I could never see myself ignoring my child for an hour, but then I have never been at the level of sleep deprivation that others have ( there is a reason why the CIA used it in guantanamo)

In the end we all make the decisions we feel are best for our children, it is down to ourselves not to be intimidated into toeing a line no-one can define.

Cinquefoil · 15/12/2011 21:09

People don't always necessarily make the decisions they feel are best for their children.

Byeckersitsapropercrimbolike · 15/12/2011 21:14

Peeling are you me?! Xmas Grin

6mth pre term, colicky, refluxy twins with piles of washing, piles of guilt... Oh and a 3 1/2 yr old ds somewhere around too!

Op, please dont be smug, apologies if you arent but you certainly sound it, congratulations on your perfect children Xmas Hmm

antsypants · 15/12/2011 21:14

Cinquefoil

Barring the obvious case of child abusers ( or at least I figured that would be an obvious omission) how could you feel confident in declaring that someone is or isn't making the best decision for their child?

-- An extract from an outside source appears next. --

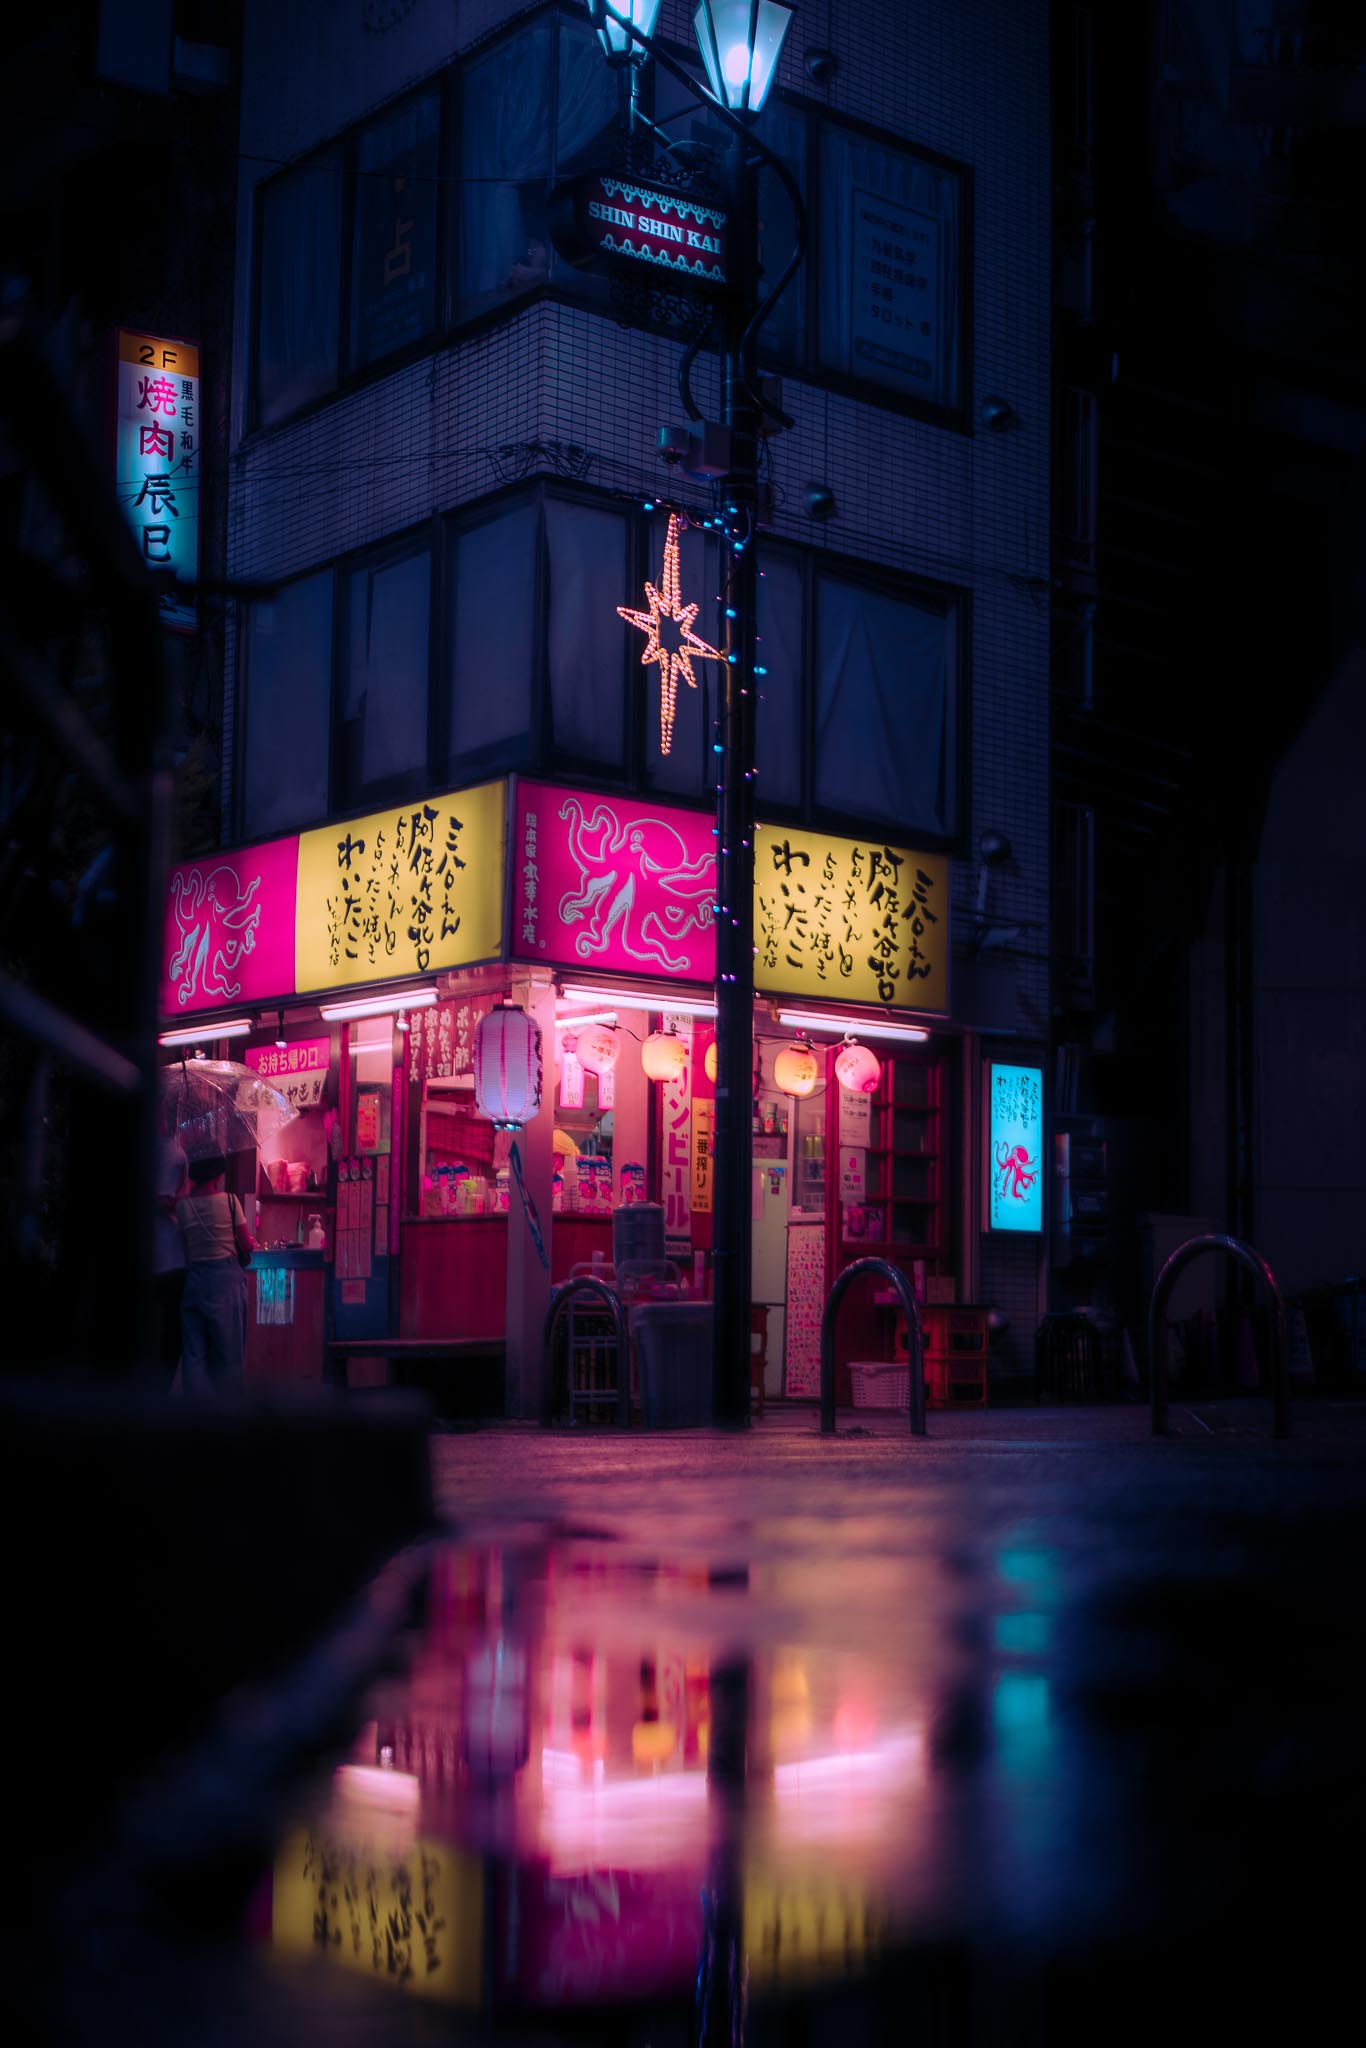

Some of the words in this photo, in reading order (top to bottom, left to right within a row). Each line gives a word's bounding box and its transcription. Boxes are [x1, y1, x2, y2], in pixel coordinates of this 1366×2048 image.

And why would you think they wouldn't?

Cinquefoil · 15/12/2011 21:19

antsy, Of course I couldn't. And neither could you. Which is the point. We can't automatically assume either way. Some people might be making the best decision for themselves, at the expense of their child, and it might not be so clear cut and obvious as outright abuse.

All sorts of scenarios, really. If you think cc and cio are wrong, which plenty of people do, then by definition you think that the parents who do it are not making the best decision for their children.

antsypants · 15/12/2011 21:28

I think it is wrong for me, I have no more moral objection to it than any other decisions people make, suck as dietary, religious, cultural or educational decisions, in the end if making a decision that benefits you in the main, and by doing so makes you a better and more capable parent, then ultimately that makes it a decision that is best for your child.

There is no need for people to martyr themselves on motherhood, there is already enough guilt and pressure put on you from yourself Even before society butts in.

narmada · 15/12/2011 22:32

What a terribly written, scientifically illiterate article that is, OP.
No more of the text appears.